=== Section Start ===

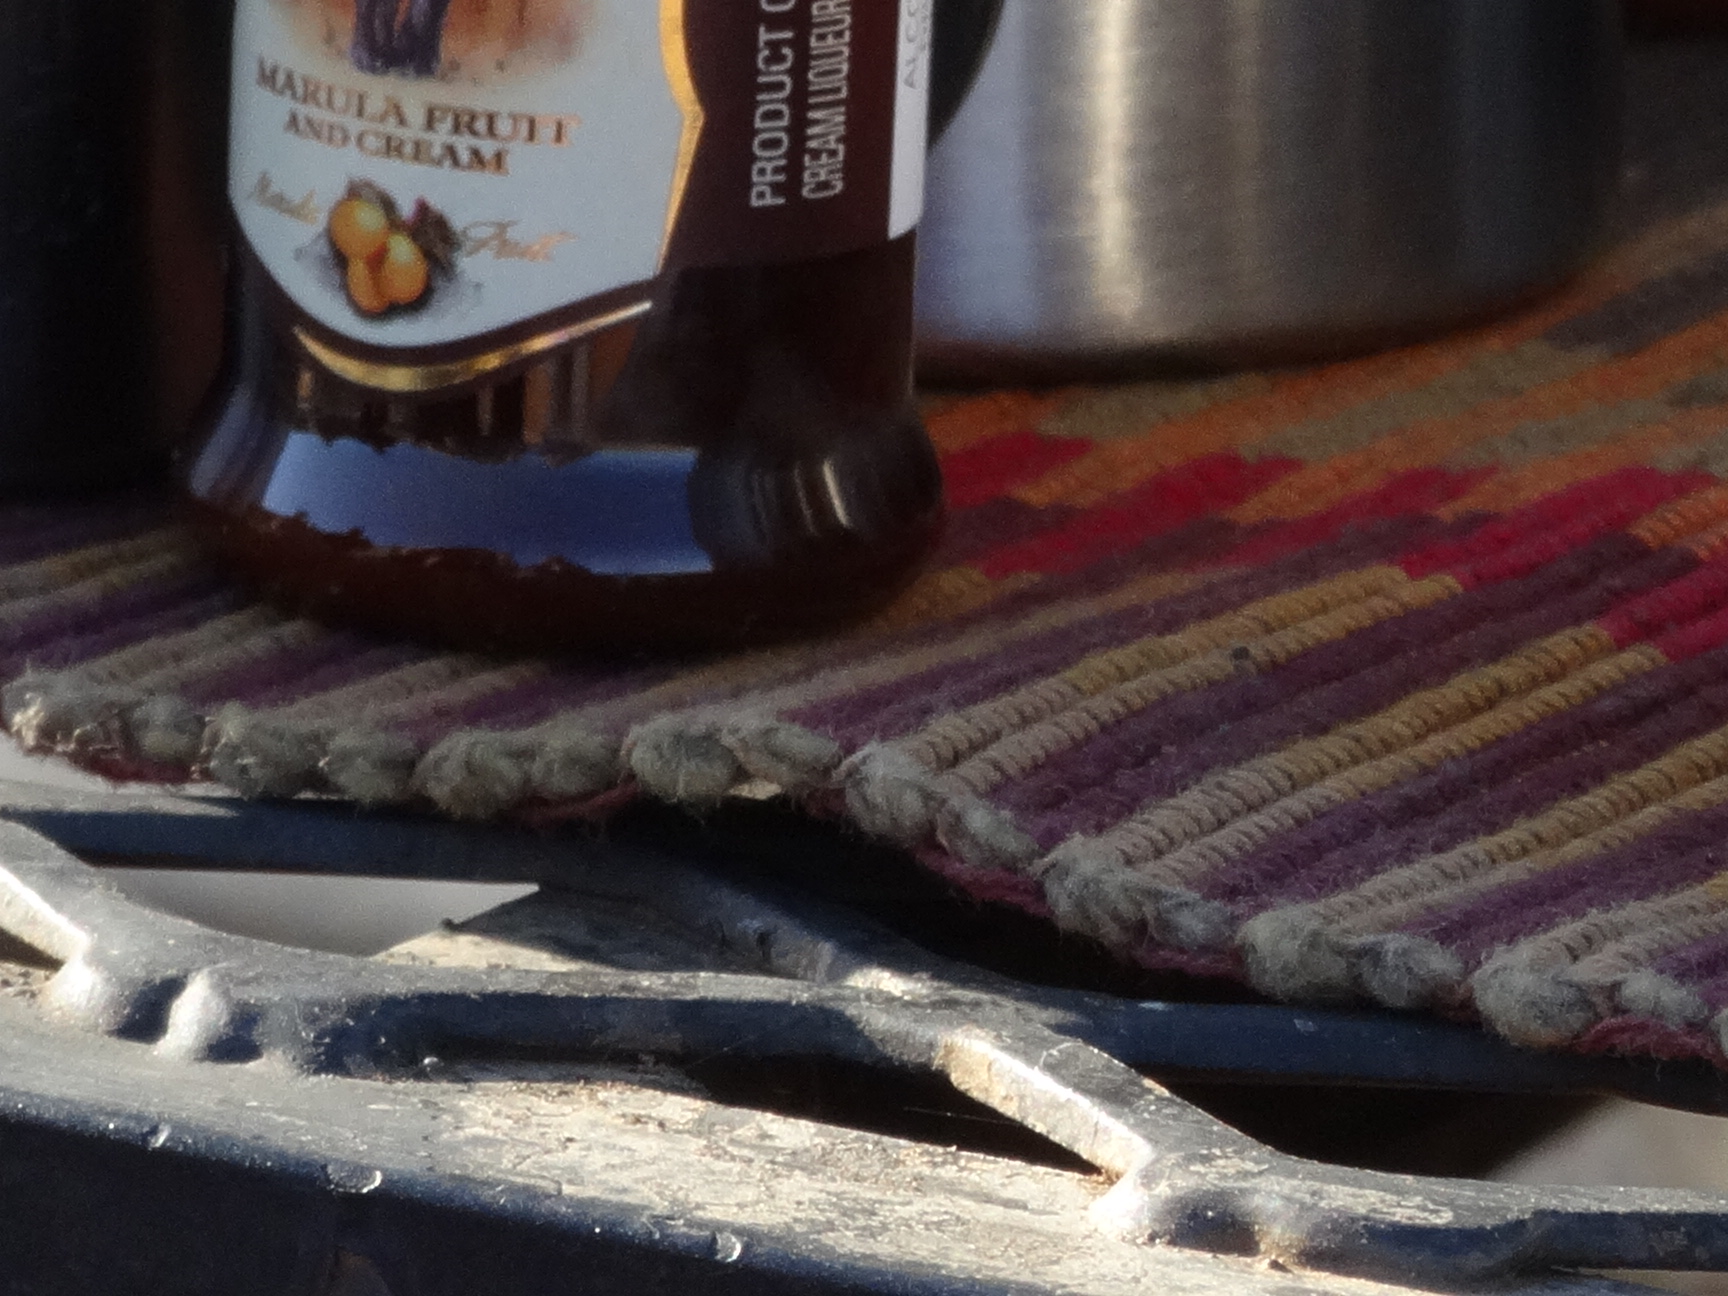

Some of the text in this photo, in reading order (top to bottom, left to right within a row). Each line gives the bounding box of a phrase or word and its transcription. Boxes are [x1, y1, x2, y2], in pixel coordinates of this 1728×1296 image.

[255, 53, 582, 148] MARULA FRUIT
[283, 110, 510, 176] AND CREAM
[750, 25, 796, 207] PRODUCT
[803, 107, 845, 198] CREAM
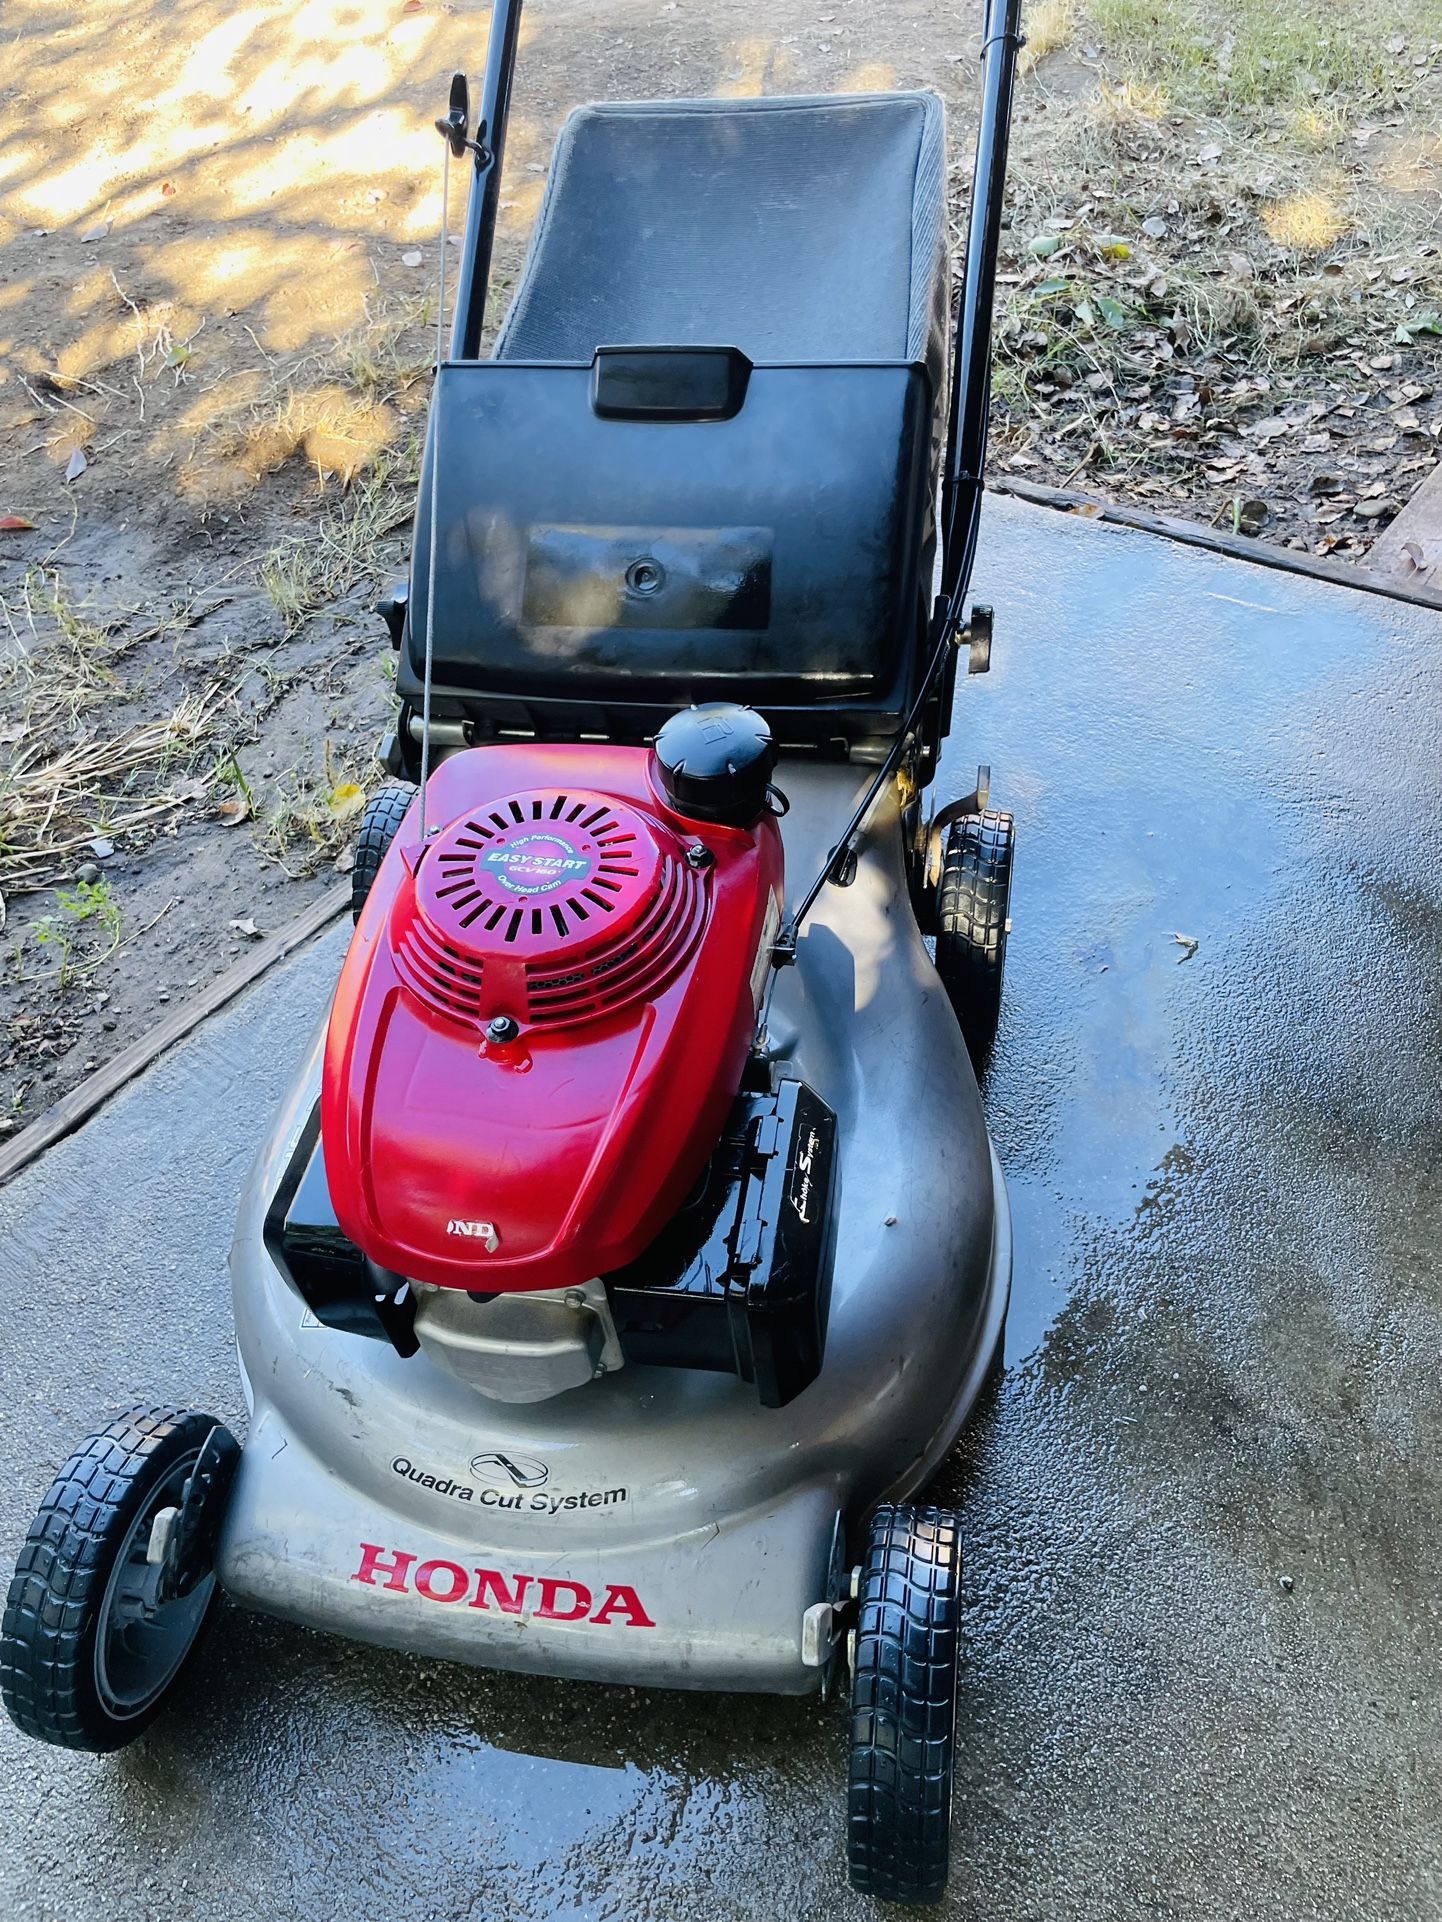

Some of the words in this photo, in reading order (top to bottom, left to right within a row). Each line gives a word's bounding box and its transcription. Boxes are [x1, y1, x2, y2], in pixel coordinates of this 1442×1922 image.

[510, 836, 529, 849] High
[530, 834, 574, 854] Performance
[487, 852, 531, 864] EASY
[532, 856, 587, 870] START
[508, 865, 557, 876] GCV160
[497, 874, 515, 890] Over
[513, 884, 540, 894] Head
[540, 879, 562, 892] Cam
[391, 1457, 473, 1502] Quadra
[479, 1488, 523, 1511] Cut
[529, 1486, 627, 1515] System
[351, 1542, 657, 1628] HONDA
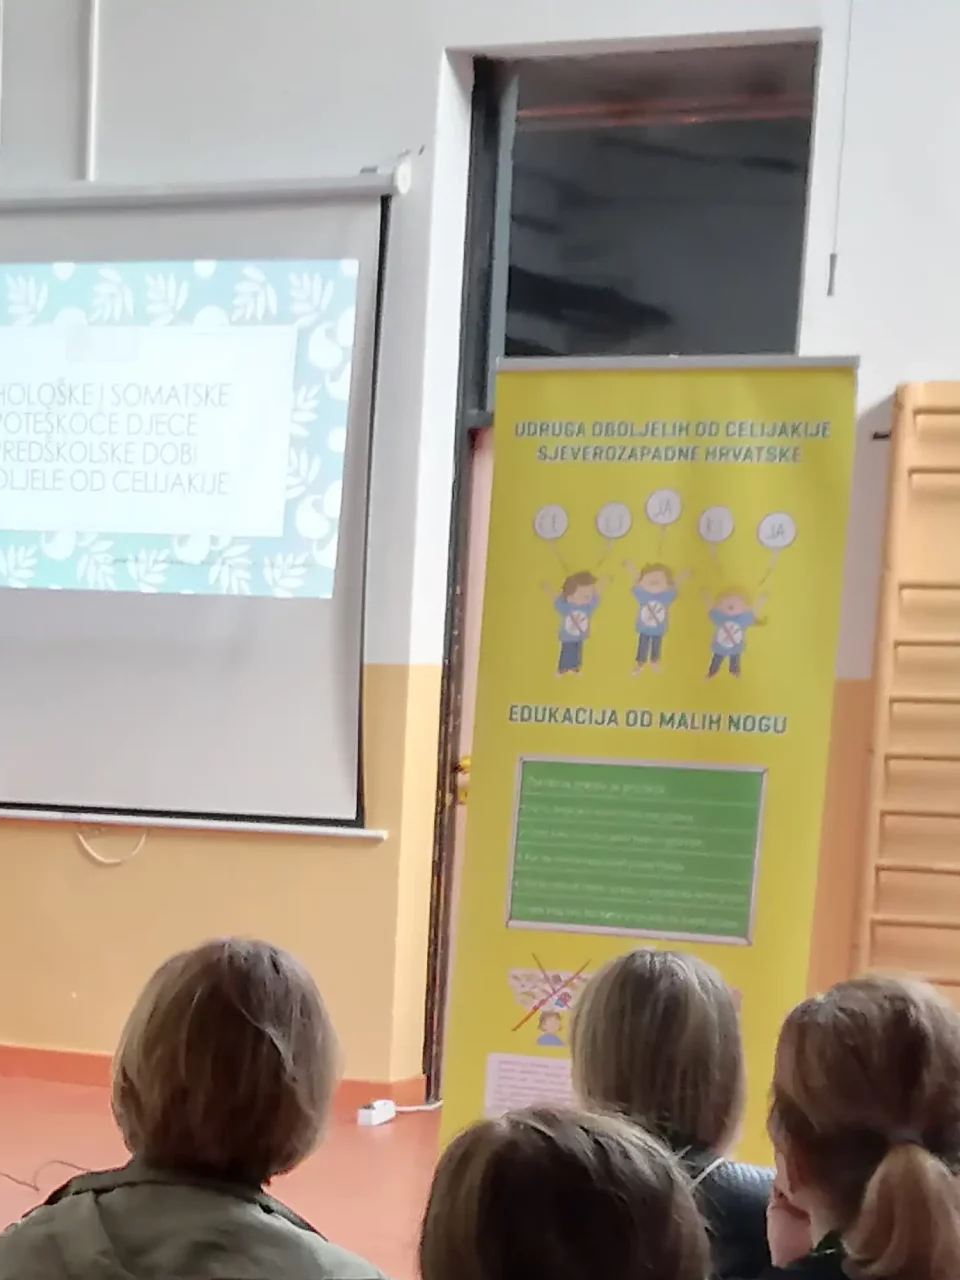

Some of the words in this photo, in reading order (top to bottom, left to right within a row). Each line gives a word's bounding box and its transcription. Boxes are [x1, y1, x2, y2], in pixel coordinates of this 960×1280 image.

[111, 382, 232, 407] SOMATSKE
[126, 413, 199, 437] DJECE
[514, 420, 585, 438] UDRUGA
[591, 420, 690, 438] OBOLJELIH
[695, 421, 720, 438] OD
[725, 421, 831, 439] CELIJAKIJE
[142, 442, 199, 465] DOBI
[537, 444, 700, 462] SJEVEROZAPADNE
[704, 446, 802, 463] HRVATSKE
[70, 469, 106, 492] OD
[112, 470, 231, 495] CELIJAKIJE
[508, 704, 618, 727] EDUKACIJA
[625, 709, 653, 728] OD
[659, 711, 722, 732] MALIH
[727, 714, 788, 735] NOGU
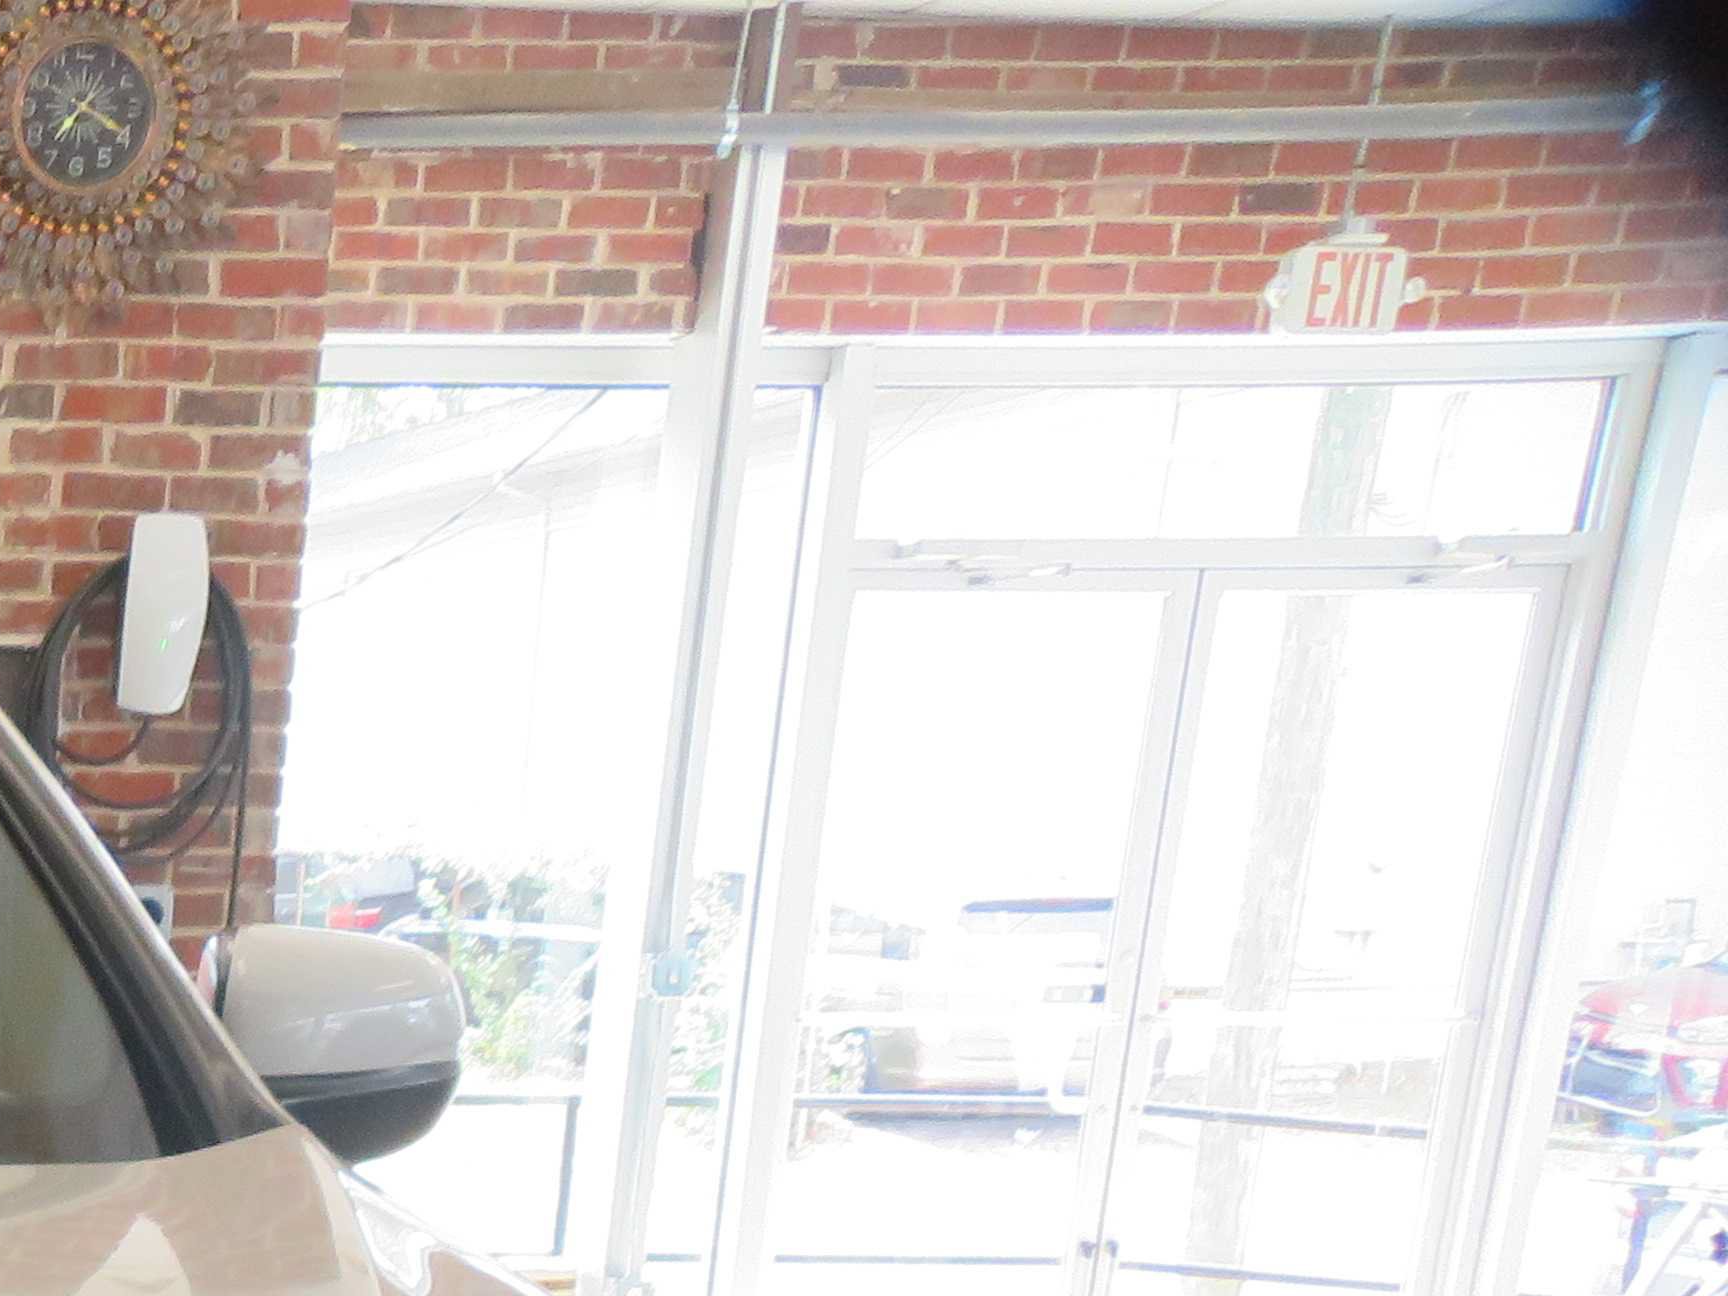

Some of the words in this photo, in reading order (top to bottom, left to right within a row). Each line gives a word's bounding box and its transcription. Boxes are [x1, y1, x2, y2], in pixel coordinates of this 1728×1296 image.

[115, 123, 132, 150] 4
[44, 149, 58, 169] 7
[68, 156, 84, 177] 6
[96, 146, 112, 168] 5
[1305, 250, 1395, 328] EXIT

=== Section End ===

**Aim of the task**
Begin at the line containing "this 960×1280 image." and extract every line through the end of the records, inclusive, exactly and only; omit pictures.

**Result below**
Some of the words in this photo, in reading order (top to bottom, left to right within a row). Each line gives a word's bounding box and its transcription. Boxes are [x1, y1, x2, y2], in pixel coordinates of this 960×1280 image.

[111, 382, 232, 407] SOMATSKE
[126, 413, 199, 437] DJECE
[514, 420, 585, 438] UDRUGA
[591, 420, 690, 438] OBOLJELIH
[695, 421, 720, 438] OD
[725, 421, 831, 439] CELIJAKIJE
[142, 442, 199, 465] DOBI
[537, 444, 700, 462] SJEVEROZAPADNE
[704, 446, 802, 463] HRVATSKE
[70, 469, 106, 492] OD
[112, 470, 231, 495] CELIJAKIJE
[508, 704, 618, 727] EDUKACIJA
[625, 709, 653, 728] OD
[659, 711, 722, 732] MALIH
[727, 714, 788, 735] NOGU

Some of the words in this photo, in reading order (top to bottom, left to right within a row). Each line gives a word's bounding box and its transcription. Boxes are [x1, y1, x2, y2], in pixel coordinates of this 1728×1296 image.

[115, 123, 132, 150] 4
[44, 149, 58, 169] 7
[68, 156, 84, 177] 6
[96, 146, 112, 168] 5
[1305, 250, 1395, 328] EXIT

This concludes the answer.